**Requirement**
Please repeat, precisely as written, only the lines from the one containing "this 1600×1200 image." through the last line of the records below, pictures omitted.

-=-=-

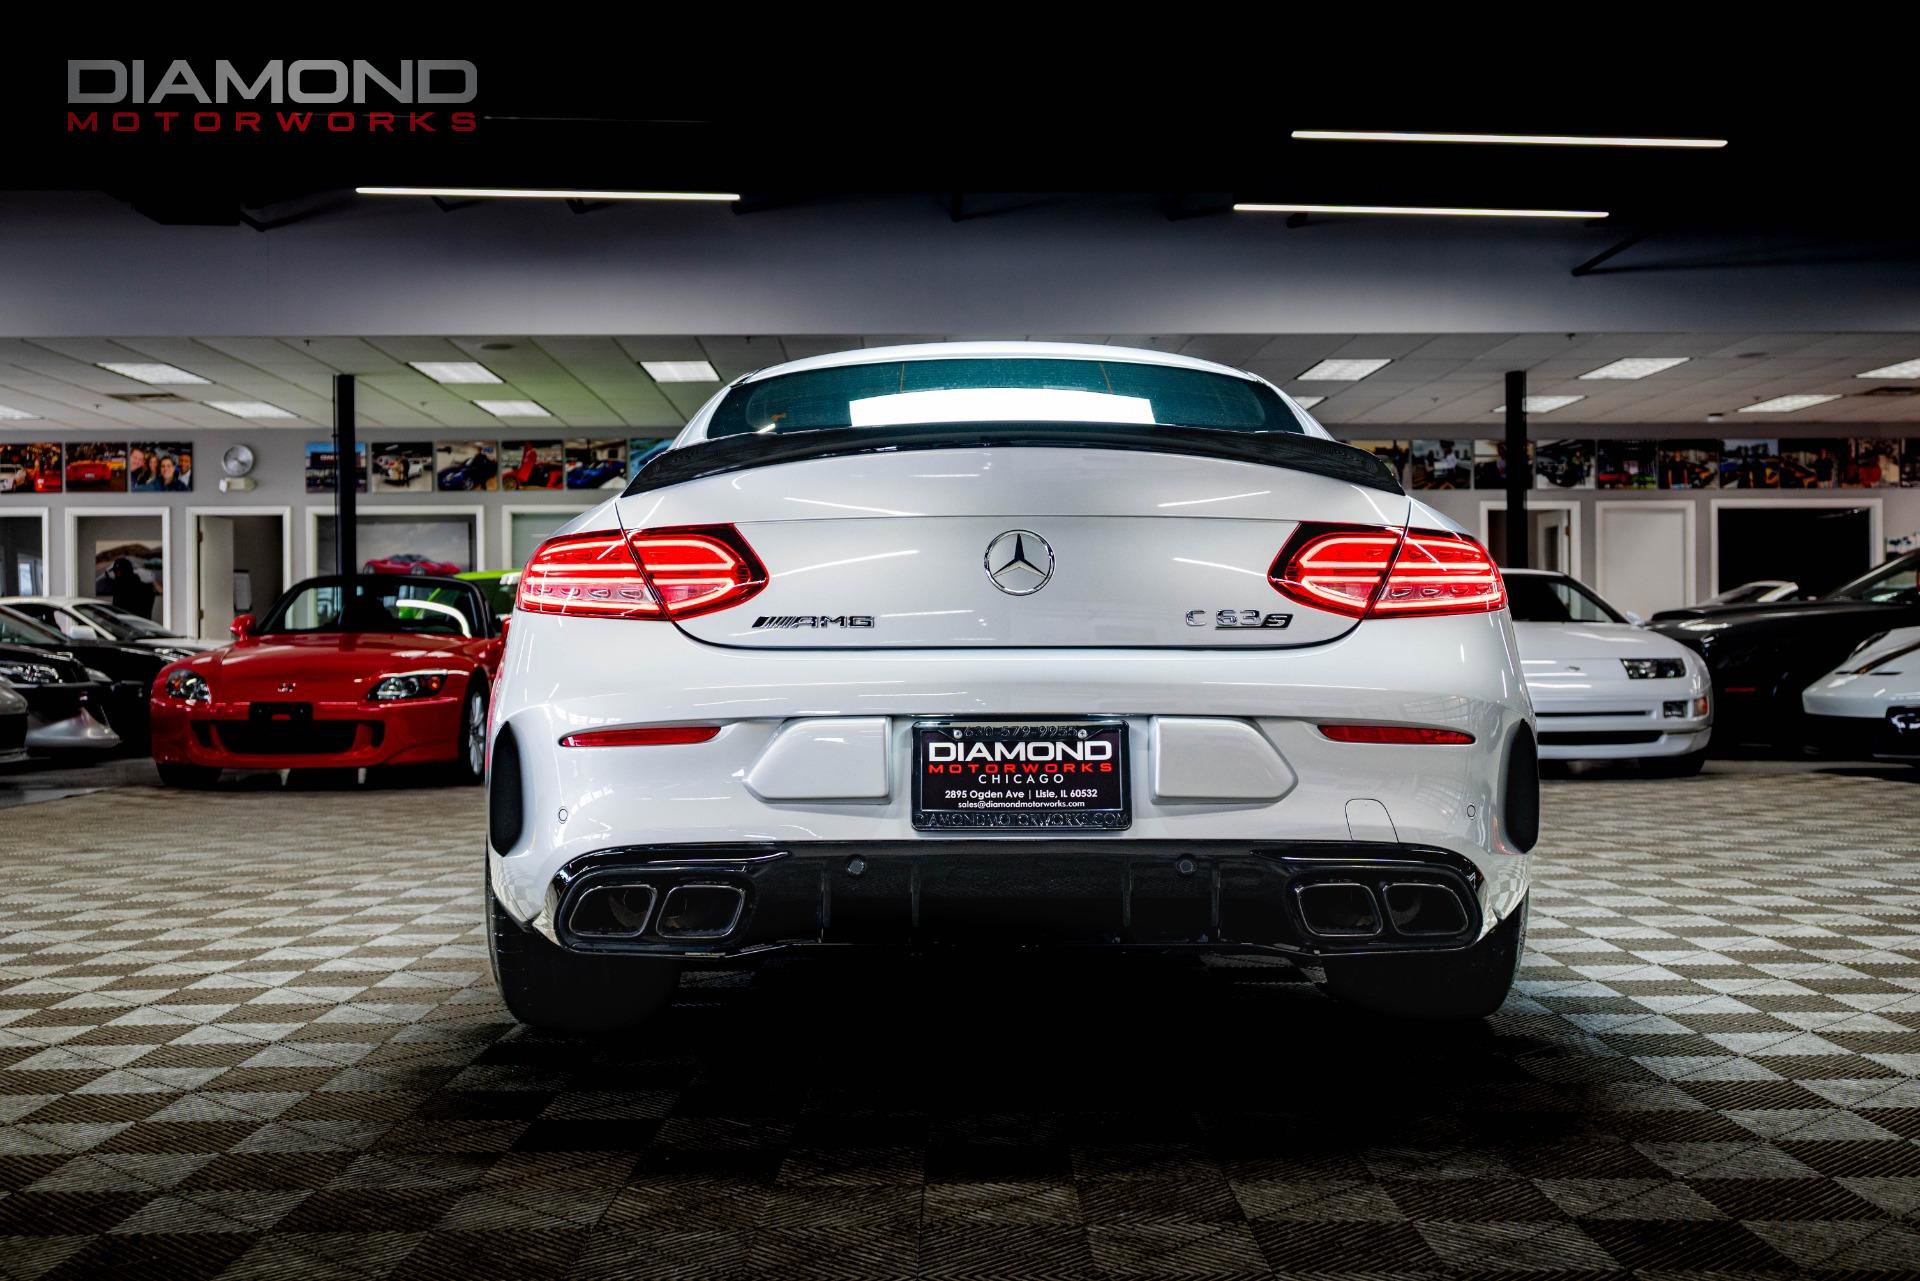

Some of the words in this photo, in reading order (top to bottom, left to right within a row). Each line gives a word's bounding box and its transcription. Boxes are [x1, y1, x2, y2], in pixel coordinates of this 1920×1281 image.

[1185, 609, 1207, 627] C
[928, 740, 1113, 762] DIAMOND
[928, 763, 1112, 774] MOTORWORKS
[978, 774, 1064, 784] CHICAGO
[944, 790, 968, 799] 2895
[969, 790, 1004, 800] Ogden
[1005, 790, 1025, 798] Ave
[1060, 789, 1068, 798] IL
[1070, 789, 1098, 798] 60532
[957, 800, 1086, 809] sales@diamondmotorworks.com
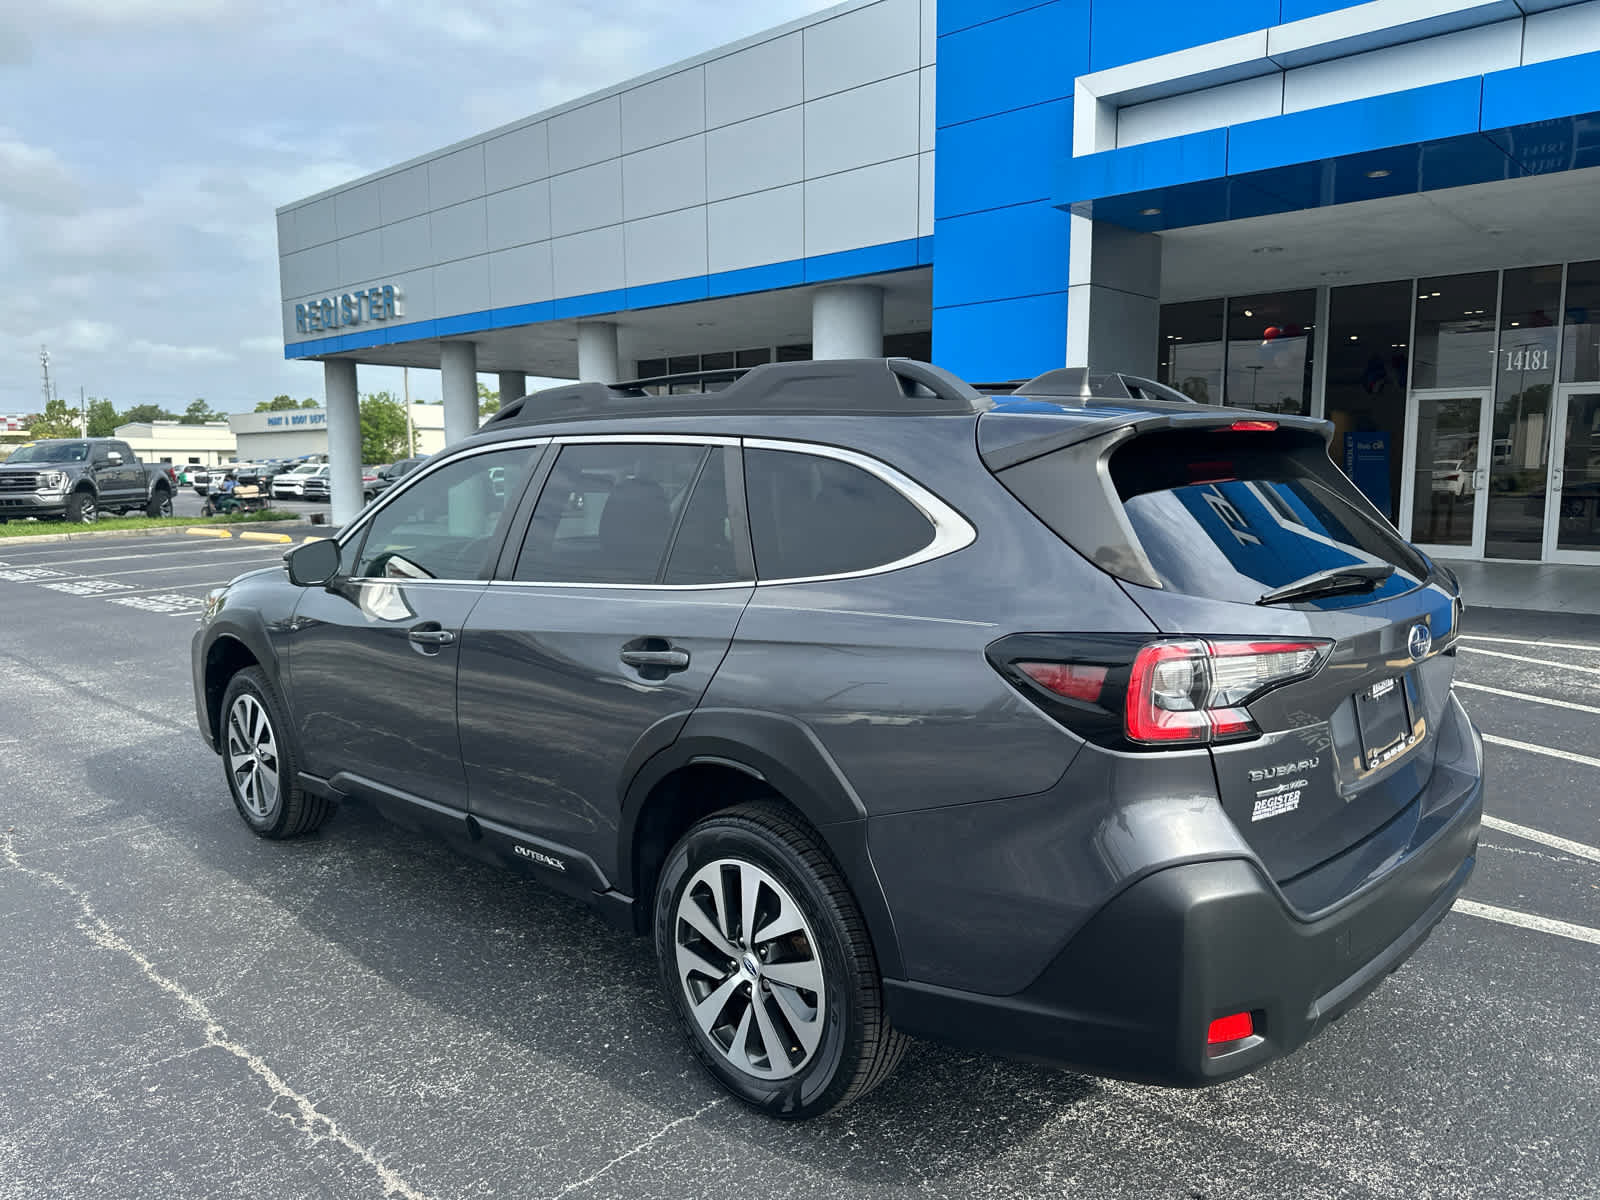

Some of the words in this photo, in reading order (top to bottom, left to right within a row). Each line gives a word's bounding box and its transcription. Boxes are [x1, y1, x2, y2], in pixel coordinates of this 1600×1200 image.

[296, 285, 398, 333] REGISTER
[1504, 350, 1549, 371] 14181
[1248, 757, 1319, 782] SUBARU
[1254, 790, 1301, 811] REGISTER
[514, 845, 566, 870] OUTBACK
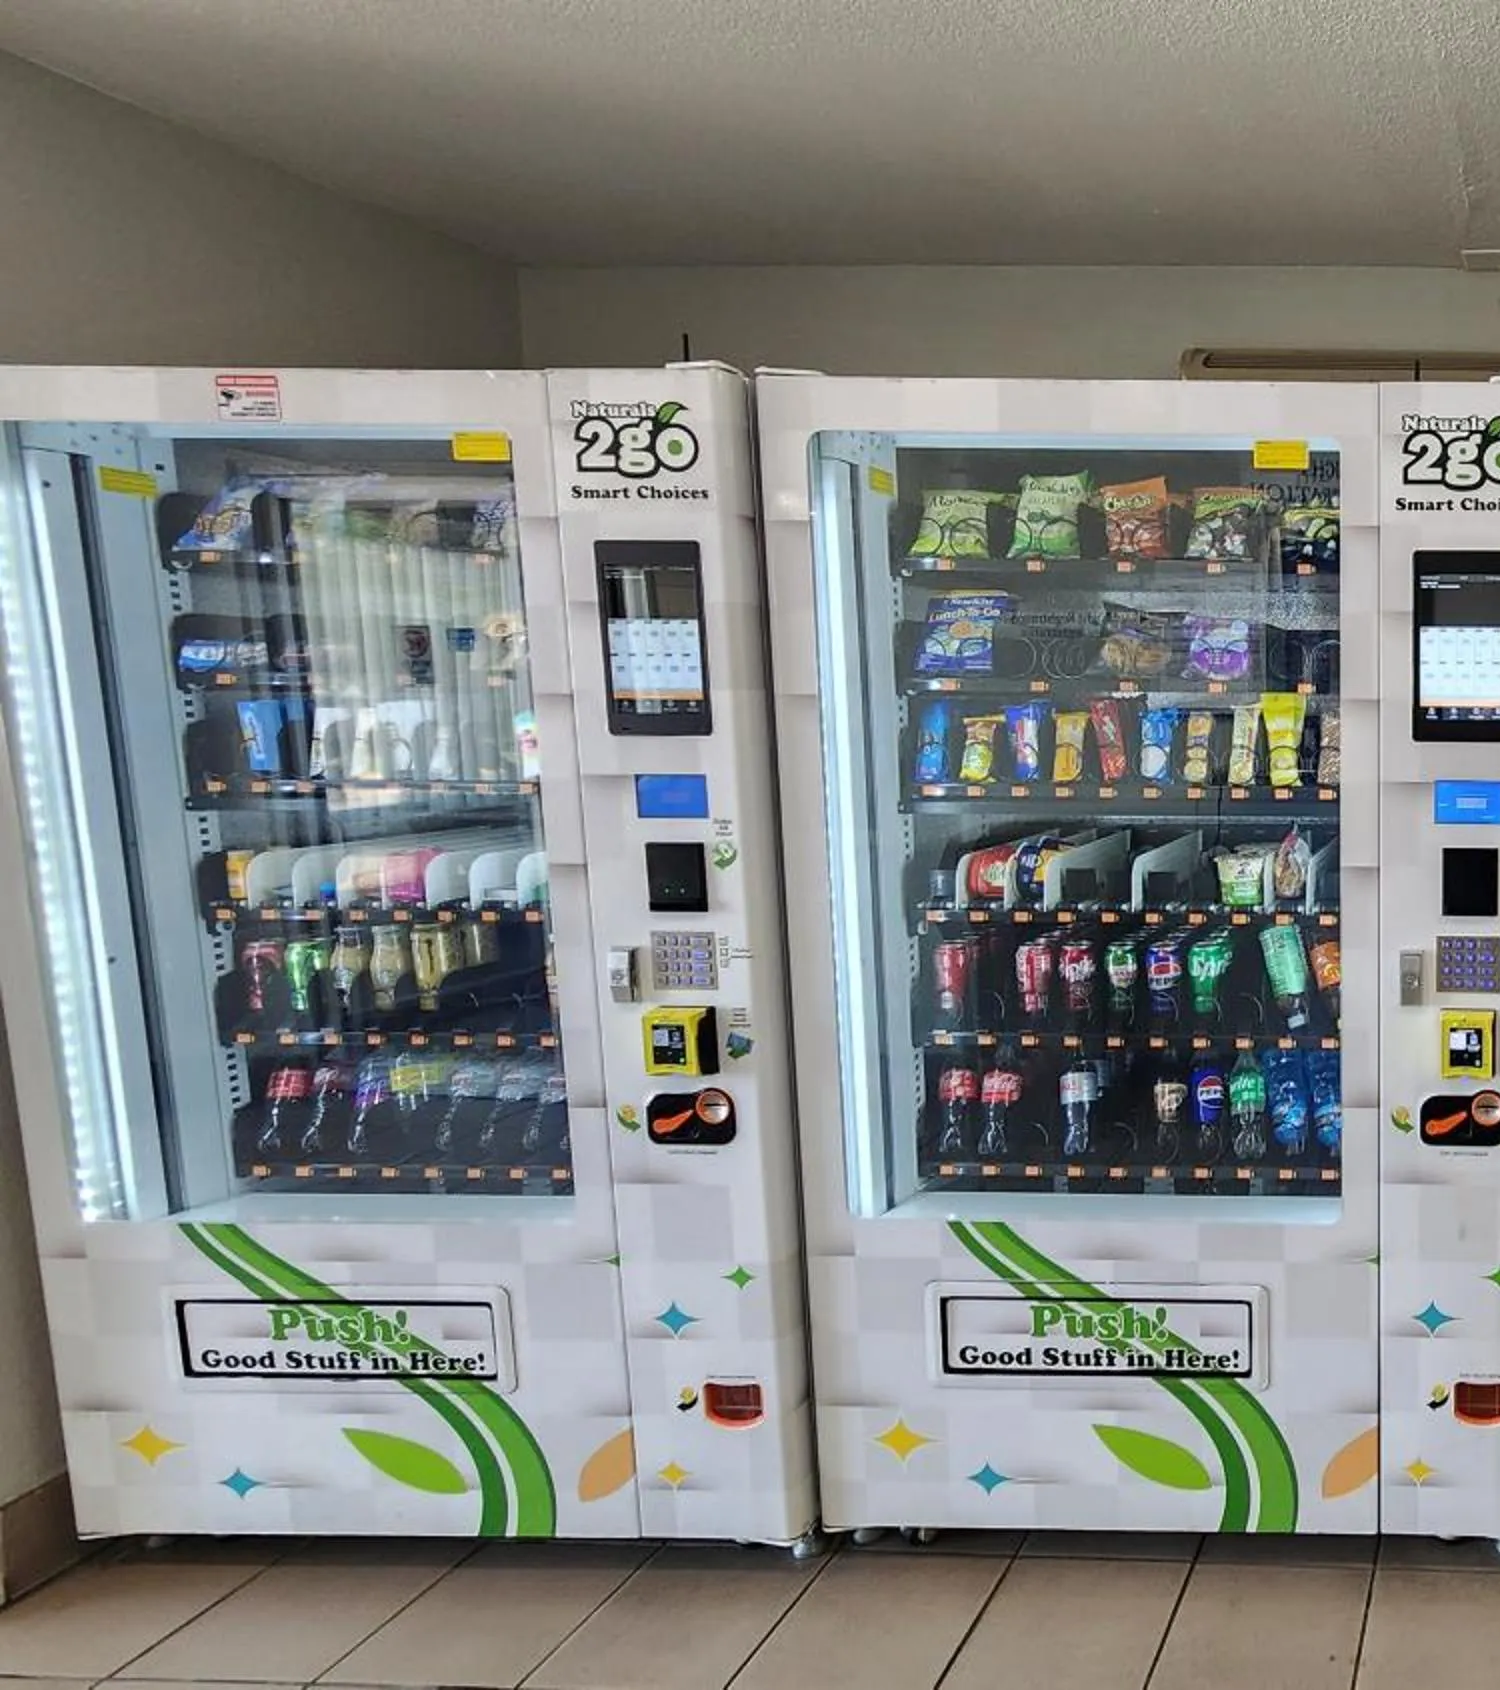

-=-=-

**Written response**
Some of the words in this photo, in reading order (top to bottom, left to right within a row). Each line gives a word's bounding box and its transcription. Boxes are [x1, y1, x2, y2], in pixel coordinates of this 1600×1200 image.

[296, 285, 398, 333] REGISTER
[1504, 350, 1549, 371] 14181
[1248, 757, 1319, 782] SUBARU
[1254, 790, 1301, 811] REGISTER
[514, 845, 566, 870] OUTBACK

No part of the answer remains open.